### EXCERPTED DATA ###
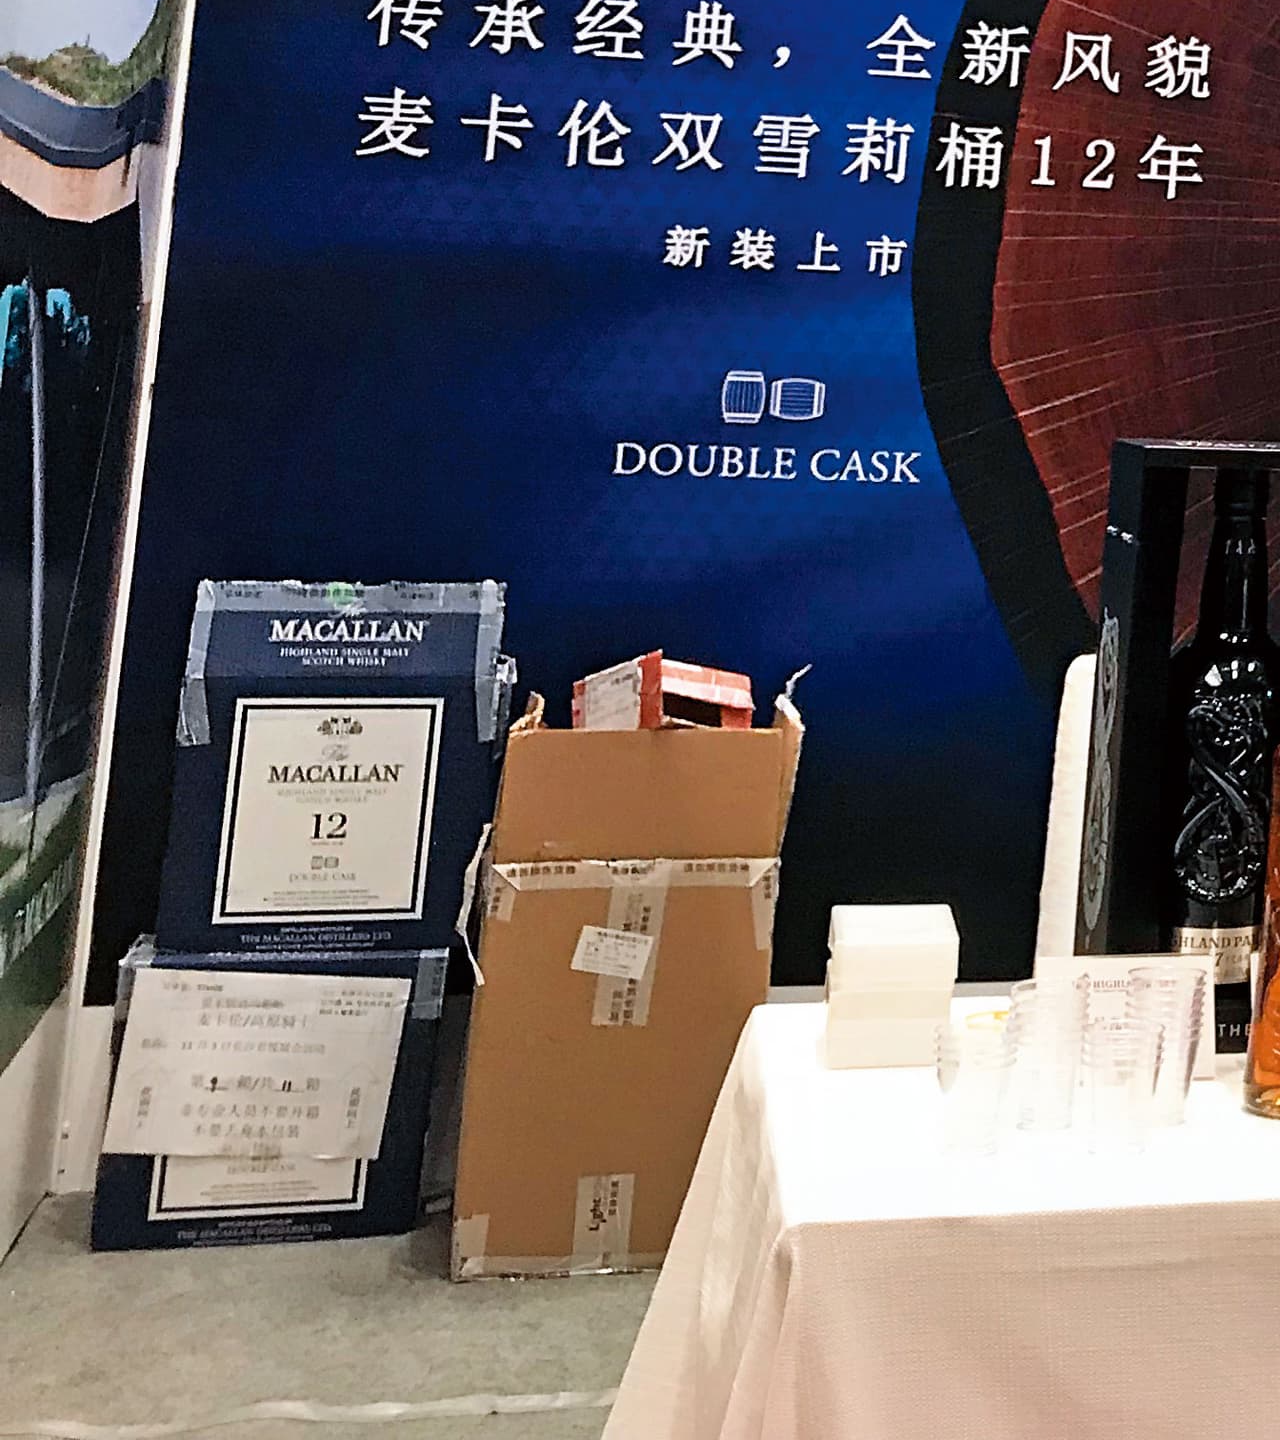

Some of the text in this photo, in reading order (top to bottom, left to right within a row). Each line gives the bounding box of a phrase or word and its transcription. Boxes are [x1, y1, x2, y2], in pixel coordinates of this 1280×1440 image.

[355, 87, 1206, 201] 麦卡伦双雪莉桶12年
[663, 225, 910, 278] 新装上市
[612, 442, 922, 486] DOUBLE CASK
[268, 619, 428, 643] MACALLAN
[268, 764, 402, 784] MACALLAN
[310, 812, 348, 840] 12
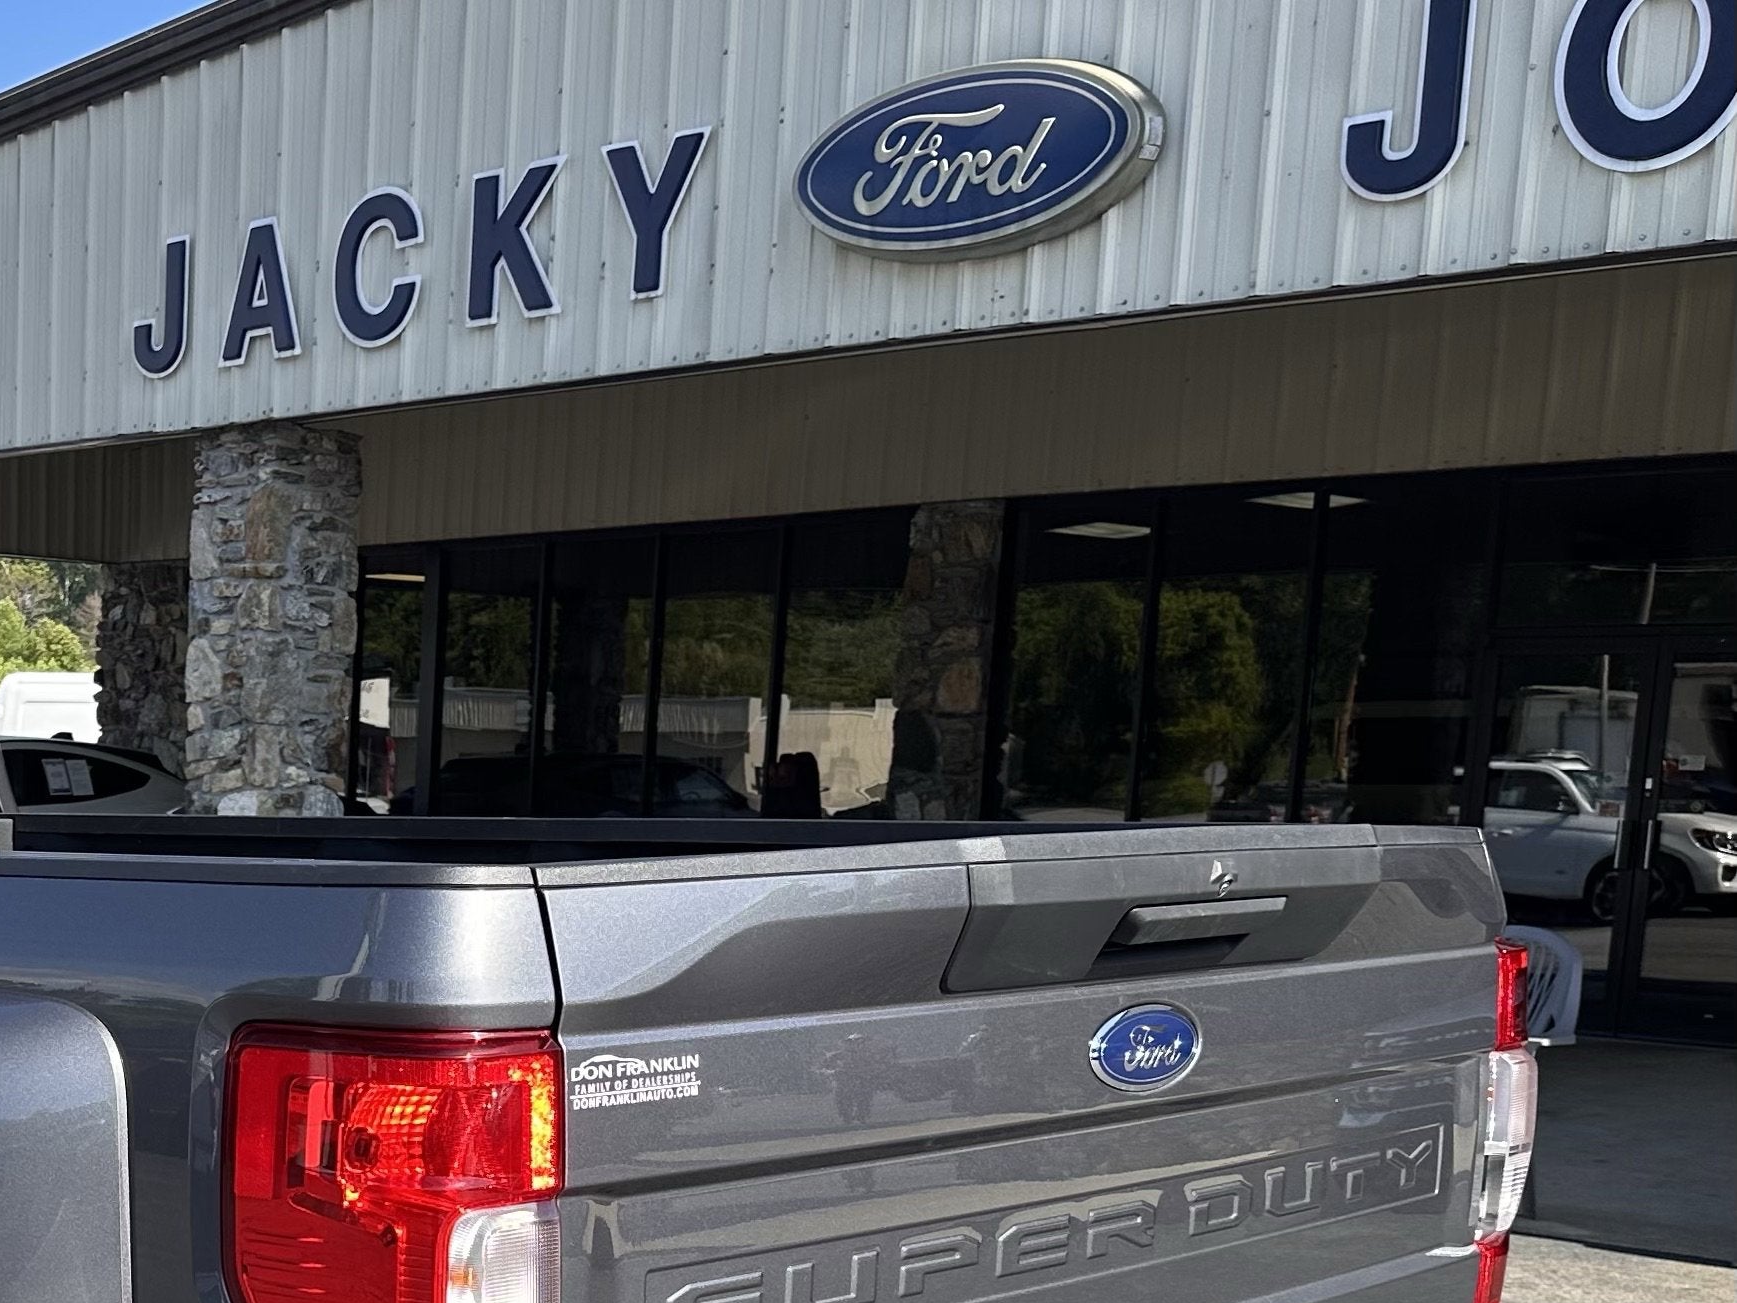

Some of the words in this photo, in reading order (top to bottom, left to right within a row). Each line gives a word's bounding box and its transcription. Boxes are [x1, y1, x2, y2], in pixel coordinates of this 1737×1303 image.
###
__PROBLEM DETAILS__:
Your answer must restate the entries word for word and contain no pictures.

__SOLUTION TO THIS PROBLEM__:
Some of the text in this photo, in reading order (top to bottom, left to right within a row). Each line gives the bounding box of a phrase or word and its transcription. Boxes are [x1, y1, x2, y2], in pixel coordinates of this 1280×1440 image.

[355, 87, 1206, 201] 麦卡伦双雪莉桶12年
[663, 225, 910, 278] 新装上市
[612, 442, 922, 486] DOUBLE CASK
[268, 619, 428, 643] MACALLAN
[268, 764, 402, 784] MACALLAN
[310, 812, 348, 840] 12

Some of the words in this photo, in reading order (top to bottom, left to right within a row). Each line gives a word's bounding box and its transcription. Boxes are [x1, y1, x2, y2], in pixel coordinates of this 1737×1303 image.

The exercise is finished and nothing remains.